DATA FOR ANALYSIS:
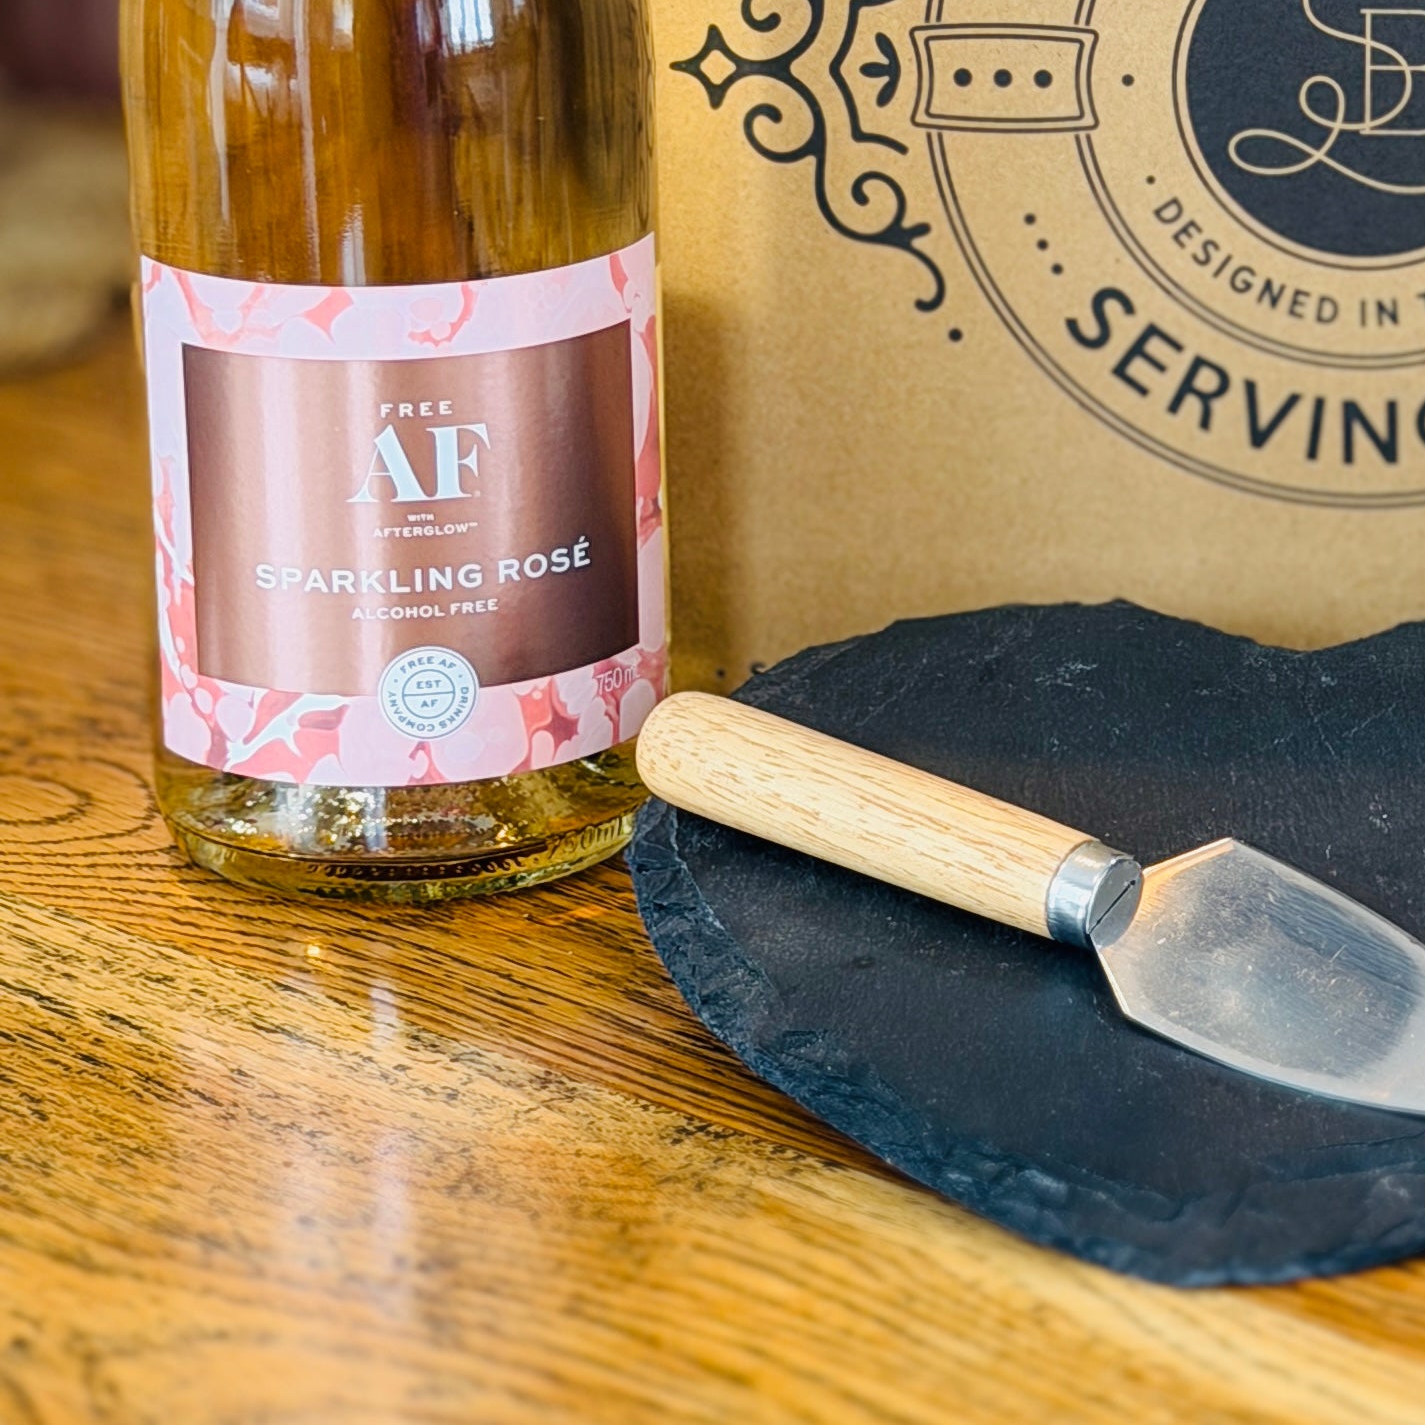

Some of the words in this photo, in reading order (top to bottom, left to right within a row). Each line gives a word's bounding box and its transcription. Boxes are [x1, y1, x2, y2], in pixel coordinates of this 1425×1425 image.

[1153, 197, 1339, 326] DESIGNED
[1360, 299, 1399, 326] IN
[380, 401, 453, 418] FREE
[346, 423, 491, 503] AF
[407, 513, 435, 522] WITH
[255, 563, 483, 594] SPARKLING
[498, 536, 592, 584] ROSÉ
[352, 604, 445, 620] ALCOHOL
[450, 598, 498, 616] FREE
[400, 656, 435, 674] FREE
[438, 658, 457, 669] AF
[416, 680, 442, 689] EST
[595, 667, 623, 695] 750
[387, 691, 436, 732] COMPANY
[420, 699, 438, 708] AF
[438, 686, 470, 729] DRINKS
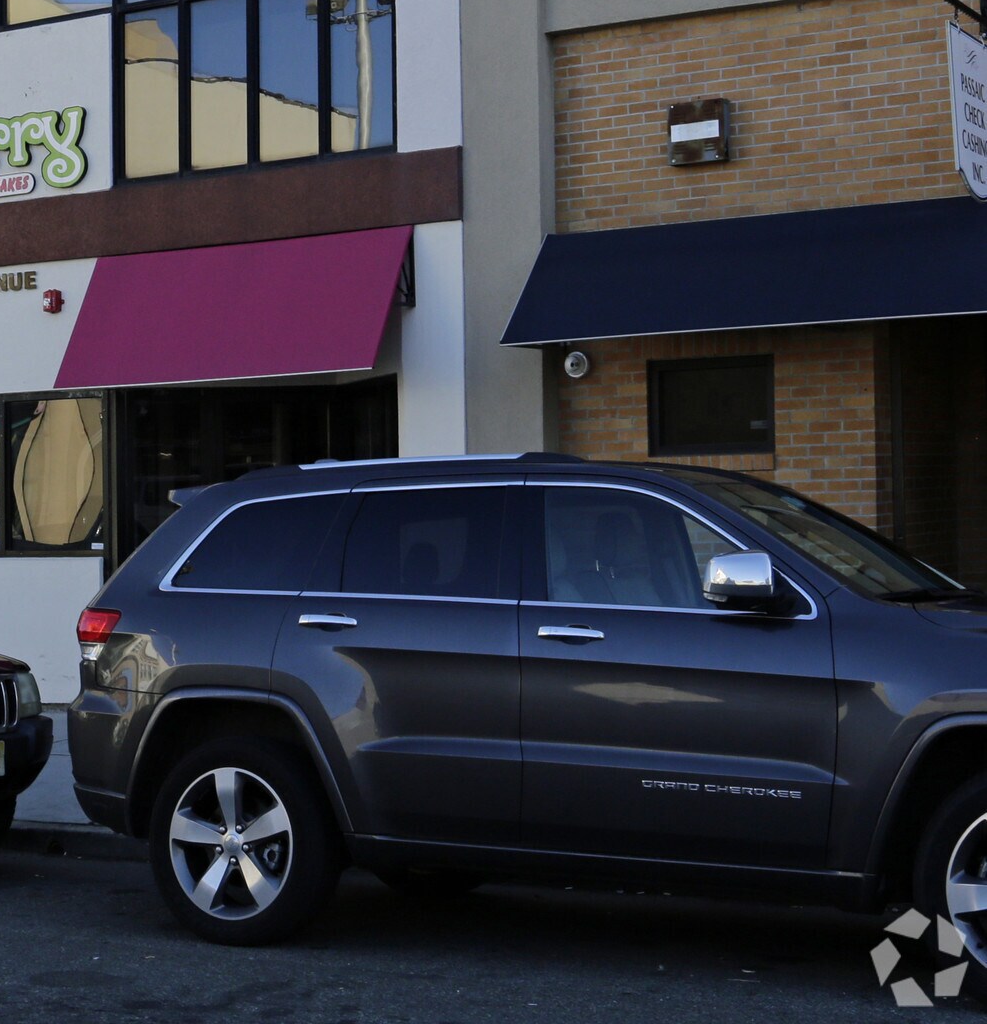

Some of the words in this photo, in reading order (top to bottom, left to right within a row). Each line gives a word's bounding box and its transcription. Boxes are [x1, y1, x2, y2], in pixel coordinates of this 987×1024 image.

[961, 72, 986, 103] PASSAIC
[964, 102, 987, 130] CHECK
[641, 779, 700, 791] GRAND
[704, 783, 802, 799] CHEROKEE

WORK INSTRUCTION: Once you reach the line that holds "this 987×1024 image.", print it and every line after it through the end of the records, word for word.

RESPONSE BELOW:
Some of the words in this photo, in reading order (top to bottom, left to right within a row). Each line gives a word's bounding box and its transcription. Boxes are [x1, y1, x2, y2], in pixel coordinates of this 987×1024 image.

[961, 72, 986, 103] PASSAIC
[964, 102, 987, 130] CHECK
[641, 779, 700, 791] GRAND
[704, 783, 802, 799] CHEROKEE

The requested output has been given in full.